We are evaluating our internal controls in order to allow management to report on, and our independent registered public accounting firm to attest to, our internal controls, as required by Section 404 of the Sarbanes-Oxley Act of 2002. We may encounter unexpected delays in implementing the requirements relating to internal controls, therefore, we cannot be certain about the timing of completion of our evaluation, testing and remediation actions or the impact that these activities will have on our operations. We also expect to incur additional expenses and diversion of management’s time as a result of performing the system and process evaluation, testing and remediation required in order to comply with the management certification and auditor attestation requirements.

We are a small company with limited resources that will make it difficult for us to comply with the requirements of Section 404 in a timely fashion. If we are not able to comply with the requirements set forth in Section 404, we might be subject to sanctions or investigation by regulatory authorities or delisted. Any such action could adversely affect our business and financial results. The requirement to comply with Section 404 of the Sarbanes-Oxley Act of 2002 will be adhered to by December 31, 2007.

In addition, in our system of internal controls we may rely on the internal controls of third parties such as payroll service providers. In our evaluation of our internal controls, we will consider the implication of our reliance on the internal controls of third parties. Until we have completed our evaluation, we are unable to determine the extent of our reliance on those controls, the extent and nature of the testing of those controls, and remediation actions necessary where that reliance cannot be adequately evaluated and tested.

Risk Factors Relating to our Common Stock

We may be unable to maintain the listing of our common stock on the American Stock Exchange and that would make it more difficult for stockholders to dispose of their common stock.

Our common stock is listed on the American Stock Exchange. We cannot guarantee that it will always be listed. The American Stock Exchange rules for continual listing include minimum market capitalization and other requirements, which we may not meet in the future, particularly if the price of our common stock declines or we are unable to raise additional capital to continue operations.

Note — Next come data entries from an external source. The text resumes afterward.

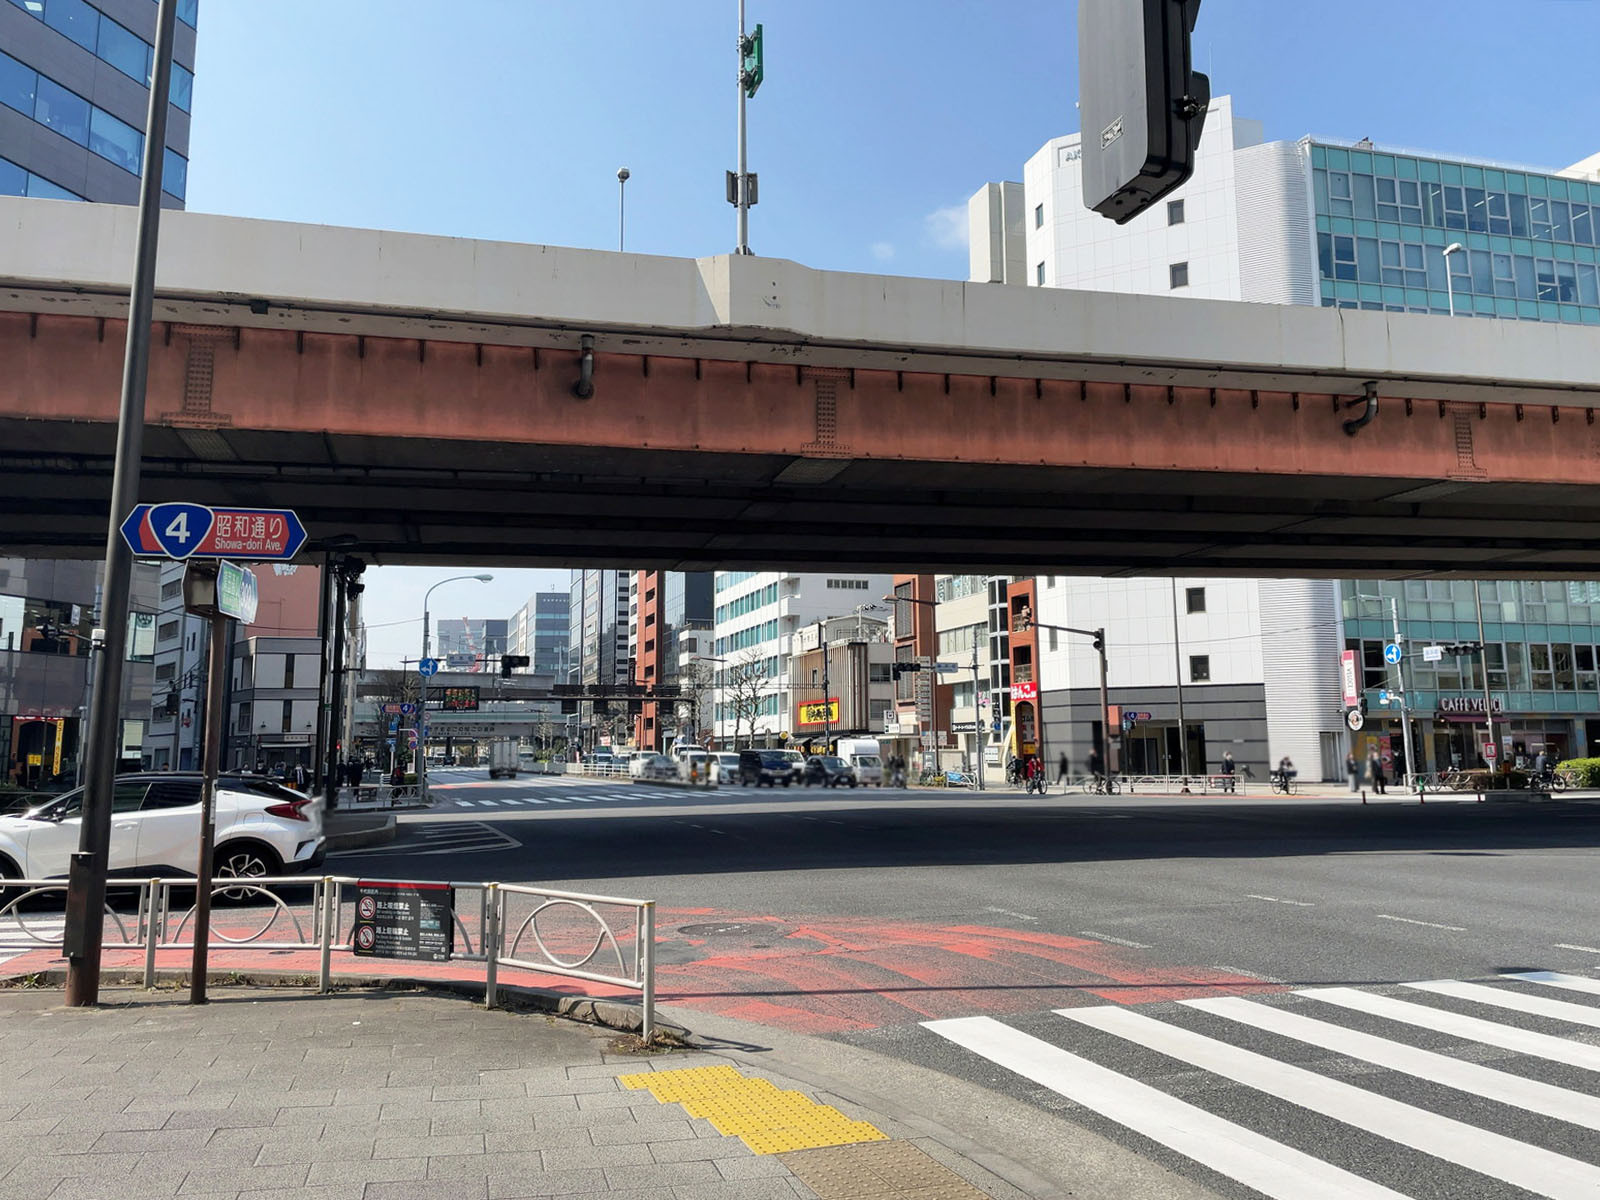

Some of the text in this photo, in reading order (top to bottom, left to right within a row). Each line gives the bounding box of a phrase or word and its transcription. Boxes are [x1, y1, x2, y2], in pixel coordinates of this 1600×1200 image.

[165, 512, 190, 543] 4
[217, 515, 282, 538] 昭和通り
[215, 538, 281, 551] Showa-dori Ave.
[1471, 697, 1503, 711] VELCE
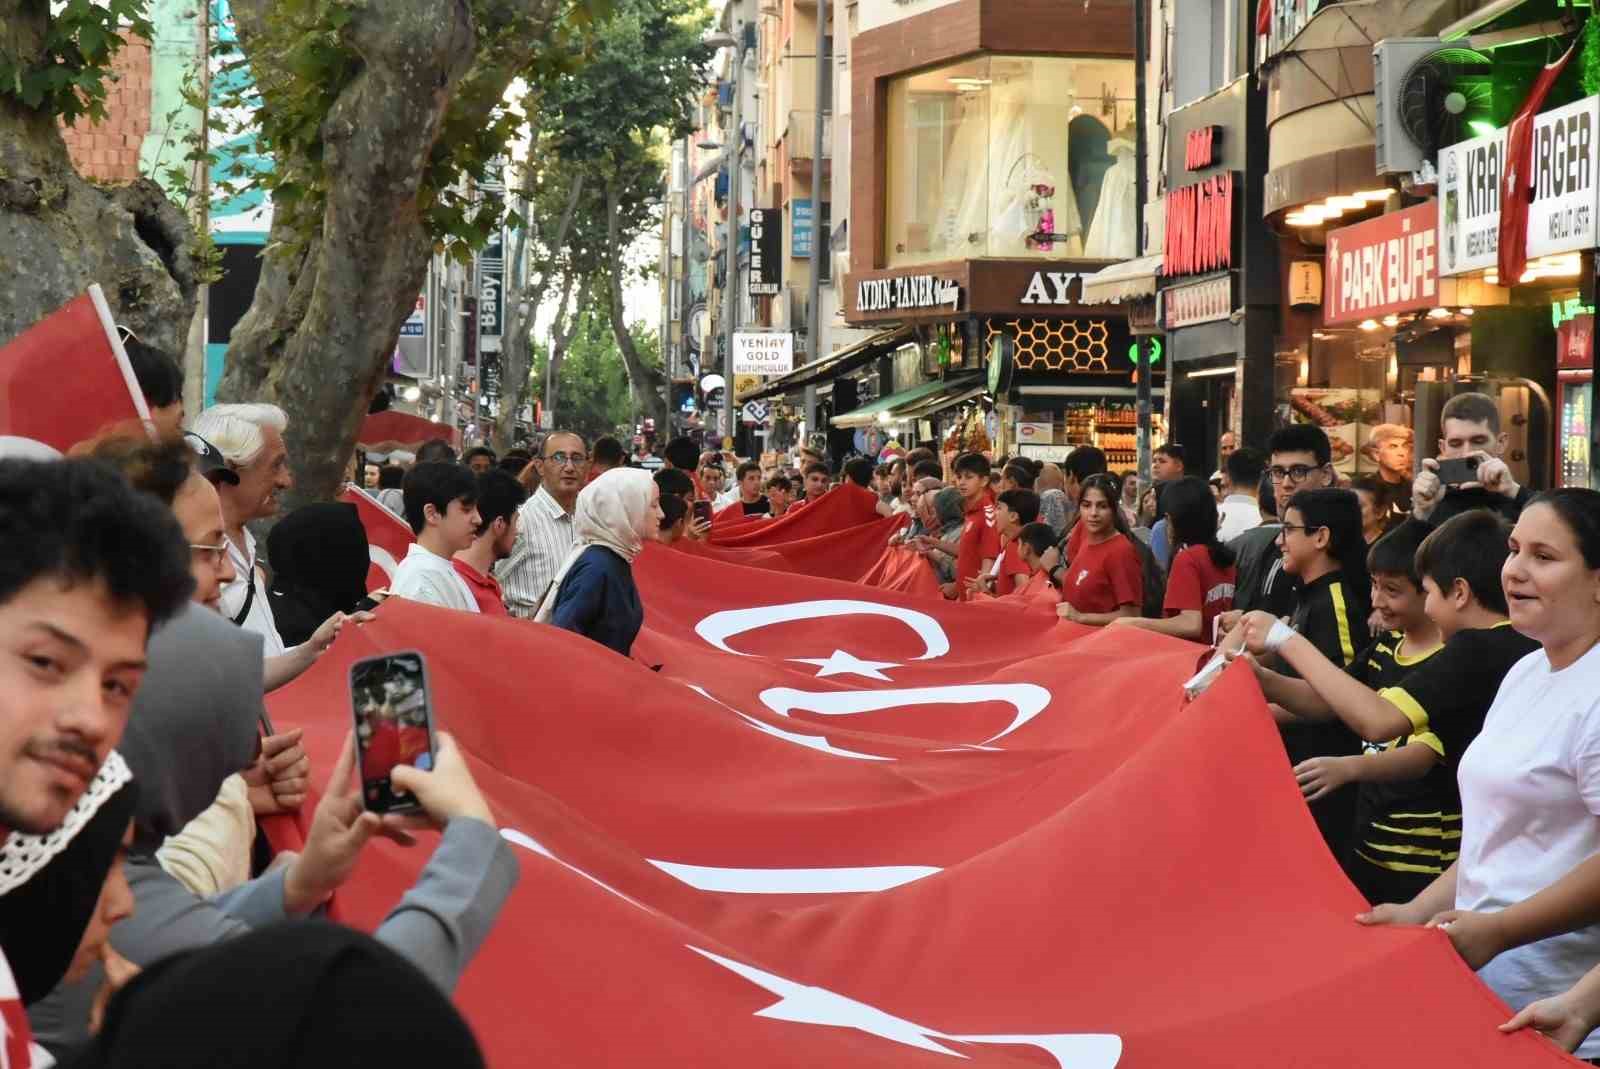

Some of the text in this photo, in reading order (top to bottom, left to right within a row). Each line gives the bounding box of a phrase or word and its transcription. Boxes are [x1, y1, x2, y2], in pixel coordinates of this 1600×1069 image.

[1529, 111, 1591, 204] URGER
[751, 210, 763, 282] GÜLER
[1341, 218, 1435, 312] PARK BÜFE
[481, 275, 501, 327] Baby
[746, 351, 779, 361] GOLD
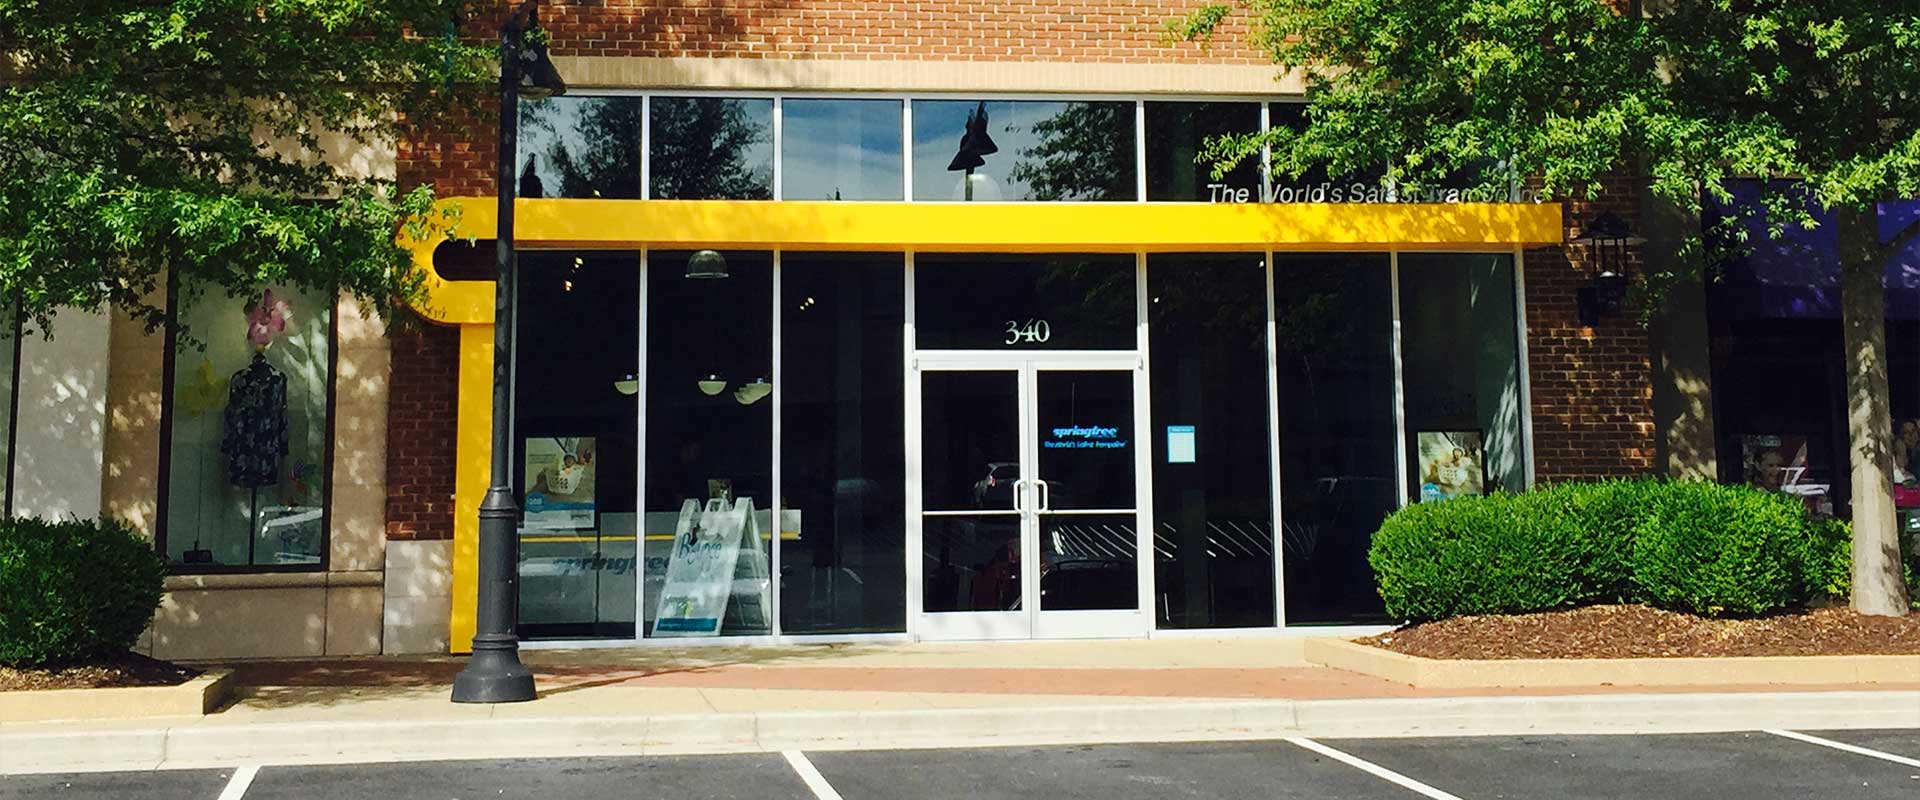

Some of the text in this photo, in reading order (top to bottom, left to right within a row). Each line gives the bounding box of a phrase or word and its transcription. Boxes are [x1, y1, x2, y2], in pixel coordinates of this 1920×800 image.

[1207, 184, 1249, 203] The
[1257, 182, 1343, 203] World's
[1005, 317, 1050, 345] 340

On April 25, 2007 we received notification from the American Stock Exchange (“AMEX”) that we were not in compliance with AMEX’s continued listing requirements because our shareholders’ equity is less than $2,000,000 and we have experienced losses from continuing operations and/or net losses in two of our most recent fiscal years. On May 1, 2007, we notified AMEX that as a result of the resignation of our independent director, Mr. George Hawes, from our Board of Directors, we were aware that we were no longer in compliance with certain of the AMEX’s continued listing standards for Small Business Issuers regarding having at least fifty percent of its Board be comprised of independent directors and maintaining an audit committee of at least two independent directors. On May 3, 2007 we received a Warning Letter from AMEX regarding the aforementioned noncompliance. We submitted a plan on May 24, 2007 to AMEX for regaining compliance with all of the continued listing standards, which included a newly appointed director to the Company’s Board.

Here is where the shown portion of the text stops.